Objective: The present study aimed to investigate the effect of dietary lutein on egg production, follicles, reproductive hormones, fertility, hatchability, and oxidative injury indexes of hens. Methods: Treatments consisted of a control diet (CON) and three lutein-supplementing diets at 25 (L1), 50 (L2), or 75 (L3) mg/kg of diet. Egg production was measured using 576 Arbor Acres breeder hens at 61 to 65 wk and follicles grades, reproductive hormones, fertility, hatchability, tissue lutein contents, and oxidative injury indexes were determined at 65 wk.
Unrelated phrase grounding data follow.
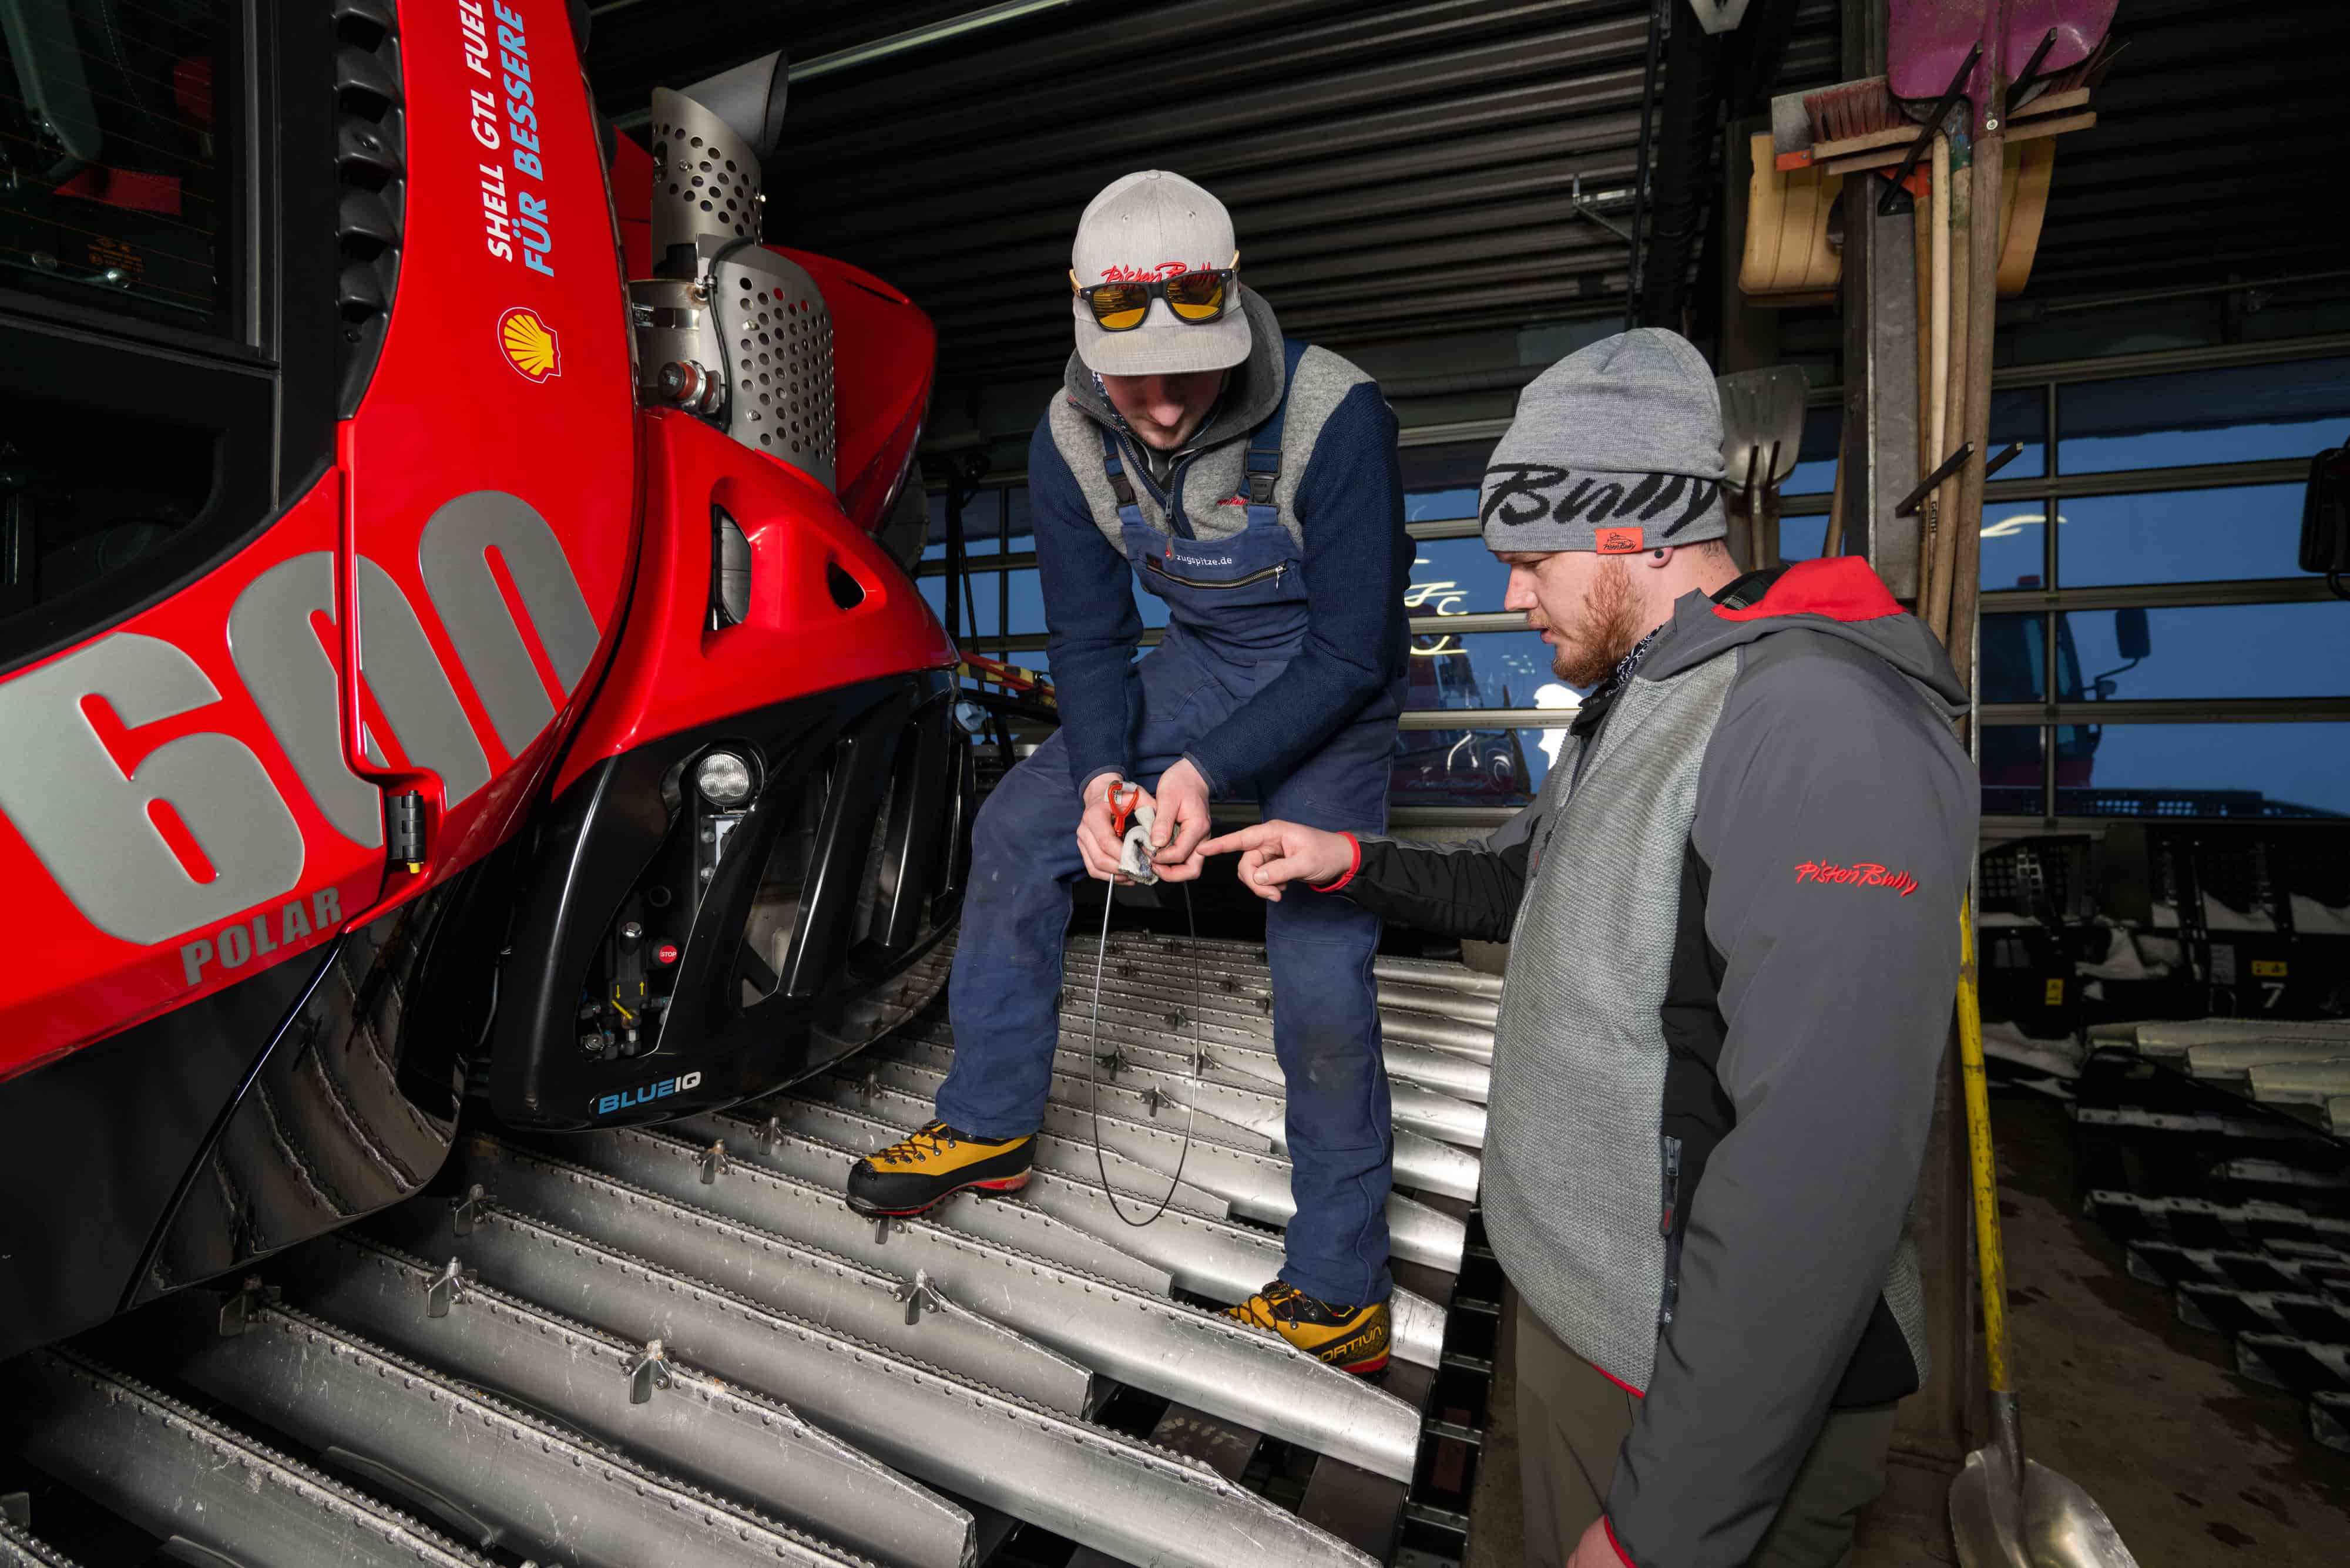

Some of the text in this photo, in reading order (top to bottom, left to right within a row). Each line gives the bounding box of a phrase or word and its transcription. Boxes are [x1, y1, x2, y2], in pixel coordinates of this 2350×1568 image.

[458, 0, 513, 262] SHELL GTL FUEL
[493, 0, 555, 278] FÜR BESSERE
[1480, 463, 1718, 538] Bully
[1176, 554, 1232, 566] zugspitze.de
[0, 489, 602, 946] 600
[1795, 859, 1918, 897] PistenBully
[180, 887, 343, 986] POLAR
[2261, 982, 2285, 1009] 7
[1316, 1325, 1382, 1364] ORTIVA
Results: The results showed that at 65 wk, lutein- supplementing diets increased (p<0.05) egg production, follicular grades, fertility, hatchability, estradiol (E2), luteinizing hormone, progesterone (PROG), lutein content in the serum and yolk, compared to CON. L2 and L3 showed more pronounced (p<0.05) effects on egg production, PROG, and yolk lutein content than L1. With the increase of lutein doses from 25 to 75 mg/kg, there were linear increases (p<0.05) in egg production, lutein content, and PROG, and a quadratic trend (p<0.05) in E2. For the oxidative injury products, lutein-supplementing diets decreased (p<0.05) malondialdehyde (MDA) and protein carbonyl (PCO) in the serum, MDA and 8-hydroxy 2 deoxyguanosine (8-OHdG) in the yolk. There were linear decreases (p<0.05) in 8-OHdG in the serum, MDA, PCO, and 8-OHdG in the yolk, a quadratic trend (p<0.05) on serum 8-OHdG. Conclusion: It is concluded that lutein supplementation can improve egg production and fertility by beneficially regulating reproductive hormones and oxidative status in aged hens.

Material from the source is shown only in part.